KABAR CIREBON
– Banyak objek wisata di Kota Bandung, Jawa Barat yang bisa dinikmati secara gratis dan bisa memberi edukasi. Selain taman-taman tematik yang indah, ada juga lokasi sejarah yang memberi tambahan wawasan bagi wisatawan.
Salah satu taman yang mudah dikunjungi tentu saja Taman Balai Kota Bandung. Lokasi wisata itu terbuka untuk umum dan tidak dipungut biaya.
Sejatinya, kompleks Balai Kota Bandung sejak zaman penjajahan Belanda diciptakan sebagai taman dengan nama Pieters Park. Nama taman tersebut merupakan penghargaan kepada Asisten Residen Priangan, Pieter Sitjhoff.
Pieter dianggap berjasa dalam penataan wilayah Bandung pada masa kolonial Belanda. Namun, memasuki era Kemerdekaan Republik Indonesia, taman tersebut lebih dikenal sebagai Taman Balai Kota Bandung.
Setelah mengalami beberapa kali penataan, taman yang berada di bagian selatan Balai Kota Bandung itu terbagi menjadi dua bagian. Di sana ada Taman Dewi Sartika dan Taman Badak.
Penasaran dengan keindahan Taman Balai Kota Bandung, anggota Komunitas Tukang Ulin langsung melakukan kunjungan yang didampingi Ketua Komunitas Geowana, Kang Gan Gan Jatnika.
Tidak sekadar mengeksplore Taman Balai Kota Bandung, anggota Komunitas Tukang Ulin melanjutkan perjalanan dengan mengunjungi Museum Sejarah Kota Bandung di Jalan Aceh nomor 47.
Ketua Komunitas Tukang Ulin, Mom Yoke mengatakan, trip jalan kaki ke Taman Balai Kota Bandung bisa jadi refreshing bagi anggota dari rutinitas sehari-hari.
“Tiap hari masing-masing anggota mungkin punya kesibukan sendiri. Nah ajang jalan-jalan ke taman dan museum, selain bisa jadi wahana silaturahmi, juga untuk menambah pengetahuan tentang sejarah Bandung,” ucap Mom Yoke.

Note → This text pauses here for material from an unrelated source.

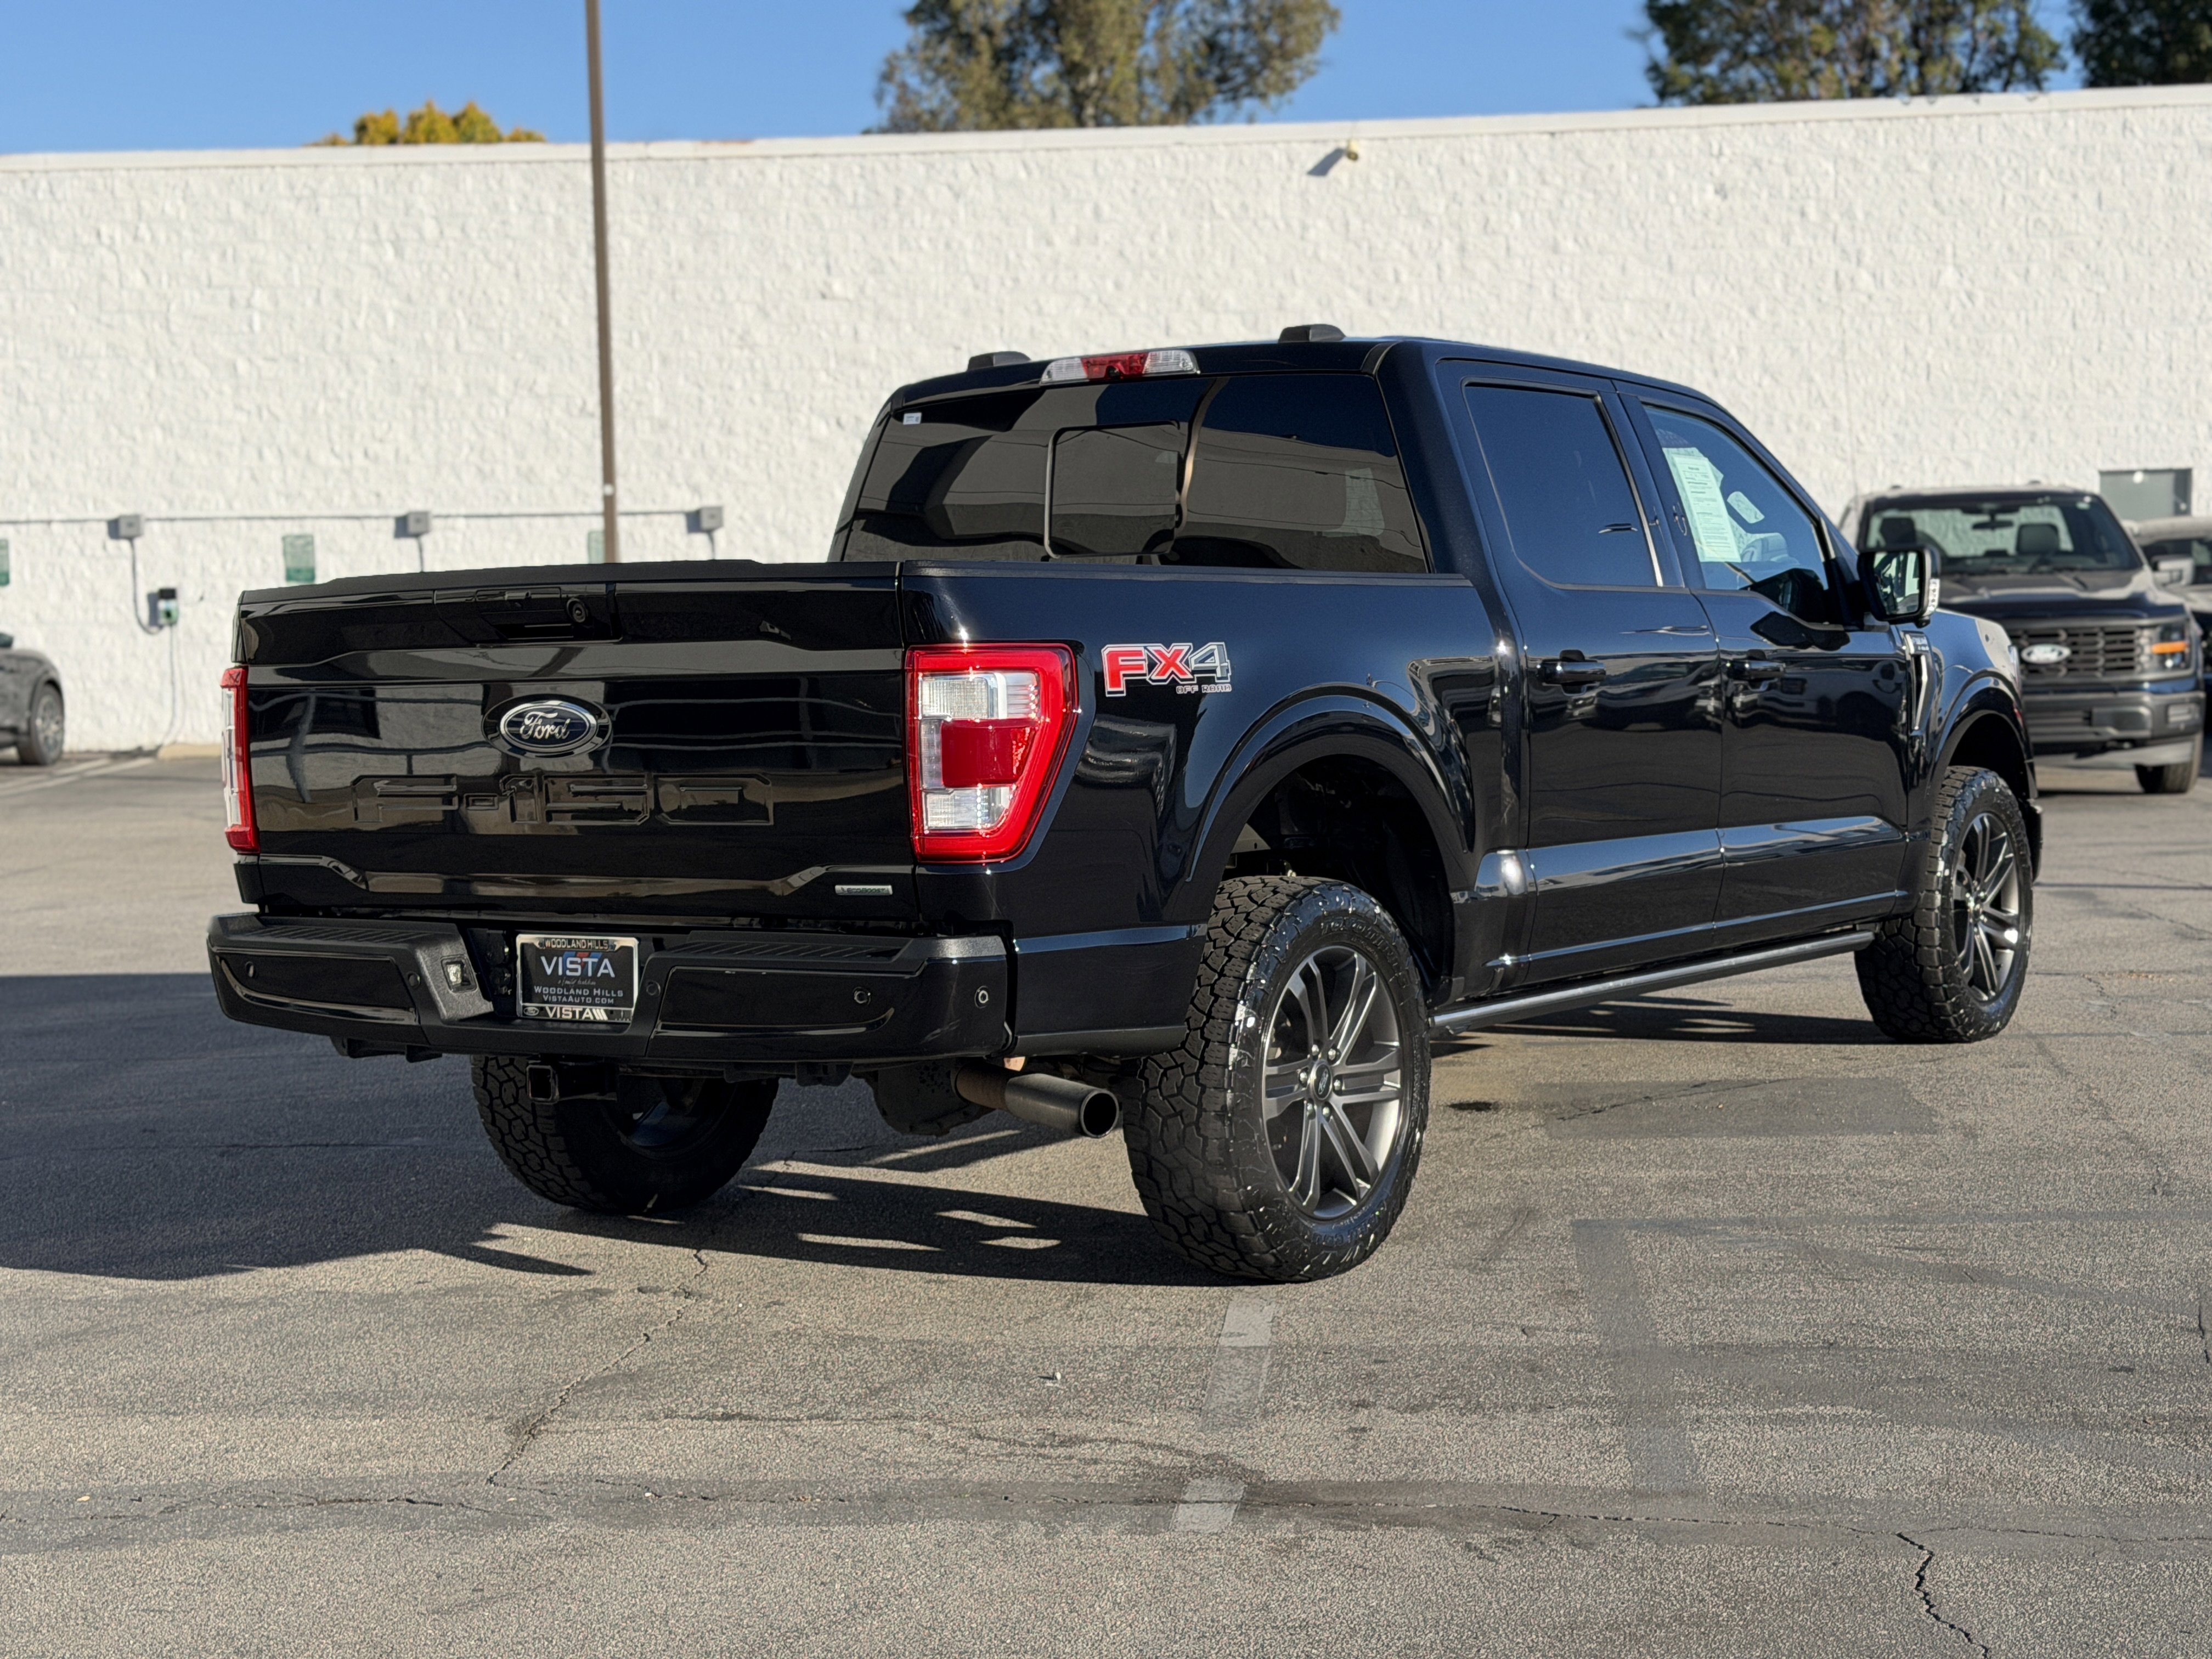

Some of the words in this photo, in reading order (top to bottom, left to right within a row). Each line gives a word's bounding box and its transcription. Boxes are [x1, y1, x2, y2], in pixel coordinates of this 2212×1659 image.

Mom Yoke mengakui, ada beberapa hal yang belum diketahui oleh anggota Komunitas Tukang Ulin, terkait penyebutan nama-nama taman, termasuk tokoh-tokoh yang ikut mewarnai perkembangan Kota Bandung.
Anggota Komunitas Tukang Ulin, lanjut Mom Yoke, akhirnya bersyukur bisa mendapat penjelasan dari Kang Gan Gan seputar sejarah Kota Bandung
Menganggap trip keliling di pusat Kota Bandung sangat penting, membuat Bu Damayanti mengajak anaknya untuk ikut serta. Menurut Bu Damayanti, justru dari muda harus mengenal beberapa sejarah.
“Tapi tidak ada salahnya, yang sudah berusia lanjut turut menambah pengetahuan sejarah Kota Bandung,” ucap Bu Damayanti yang diiyakan oleh Bu Mimin.
Saat tiba di Taman Balai Kota Bandung, anggota Komunitas Tukang Ulin langsung disuguhi oleh rindangnya sejumlah pohon yang berusia tua. Bahkan beberapa pohon memiliki diameter sangat lebar dan butuh tiga orang untuk bisa mendekapnya.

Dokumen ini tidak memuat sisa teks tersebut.